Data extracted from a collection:

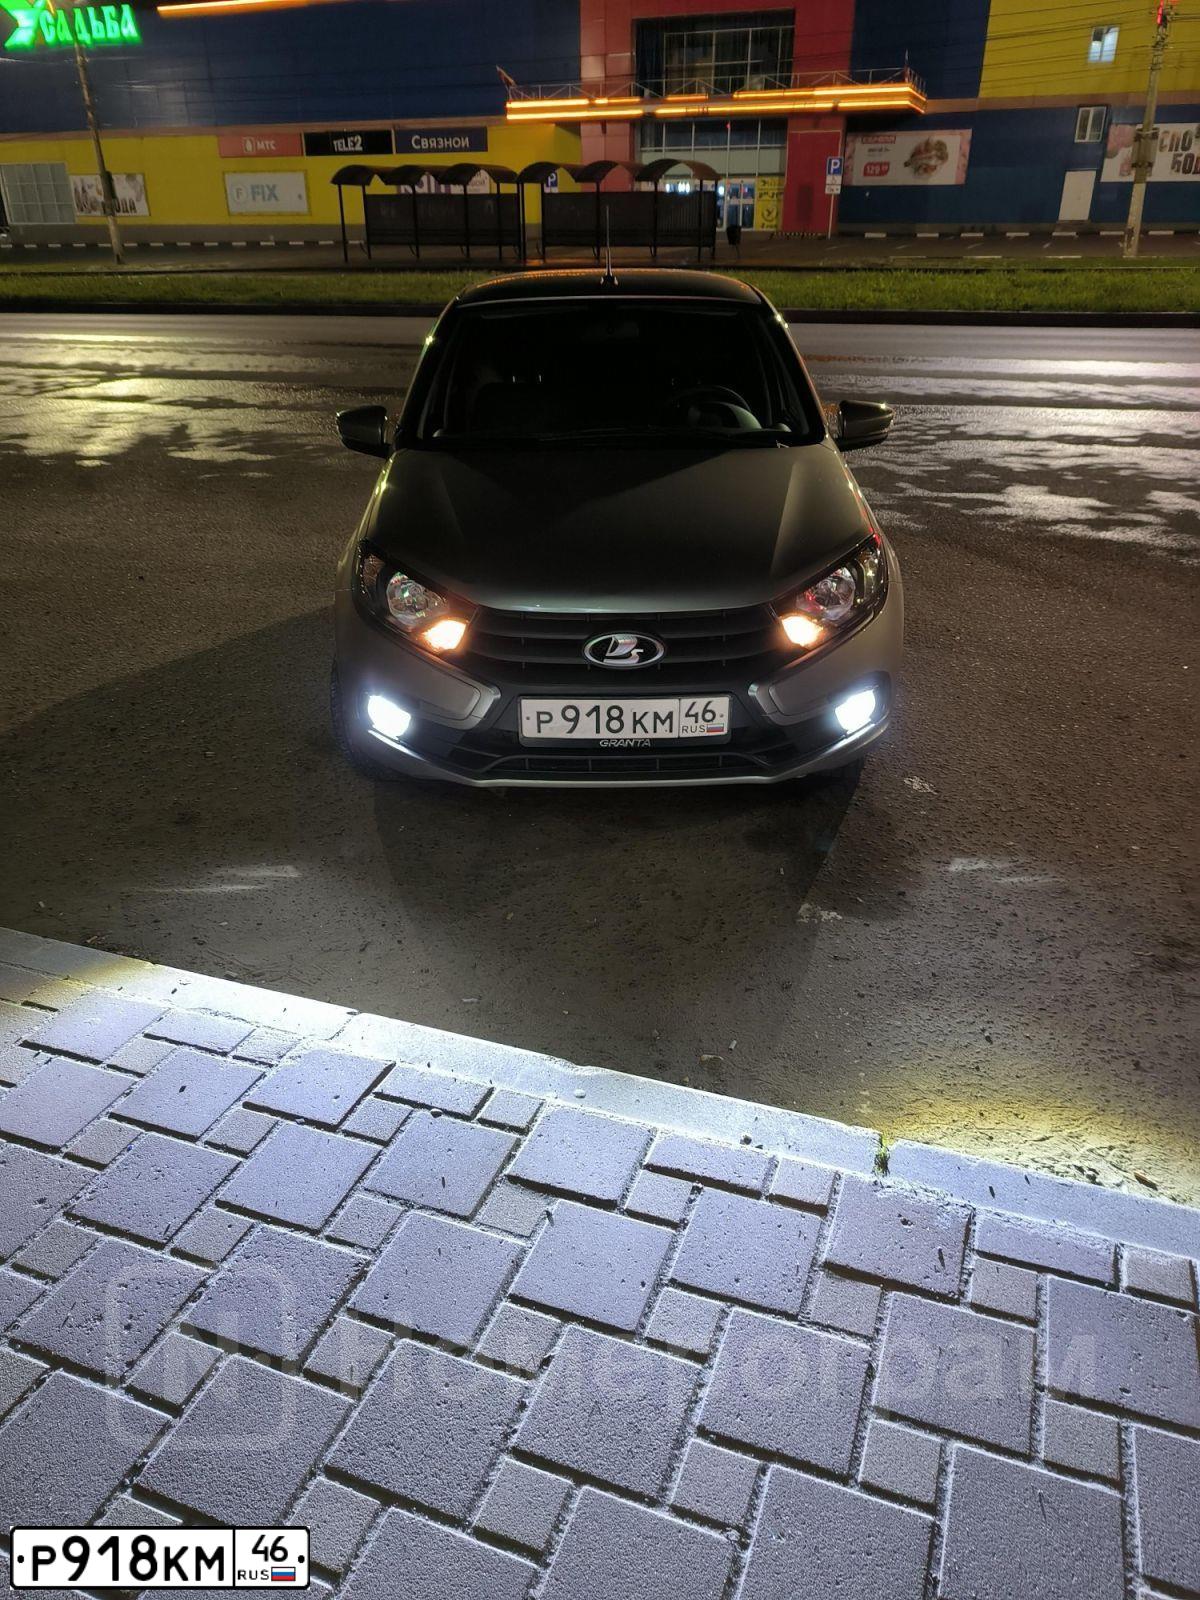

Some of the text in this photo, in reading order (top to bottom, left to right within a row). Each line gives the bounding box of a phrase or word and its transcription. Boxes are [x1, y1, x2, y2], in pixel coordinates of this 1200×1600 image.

[333, 135, 363, 152] TELE2
[831, 159, 841, 174] P
[535, 700, 717, 734] Р918КМ 46
[681, 724, 706, 735] RUS
[599, 738, 652, 748] GRANTA

Activity: Output each of the lines above exactly, apart from the images.

Written reply:
Some of the text in this photo, in reading order (top to bottom, left to right within a row). Each line gives the bounding box of a phrase or word and its transcription. Boxes are [x1, y1, x2, y2], in pixel coordinates of this 1200×1600 image.

[333, 135, 363, 152] TELE2
[831, 159, 841, 174] P
[535, 700, 717, 734] Р918КМ 46
[681, 724, 706, 735] RUS
[599, 738, 652, 748] GRANTA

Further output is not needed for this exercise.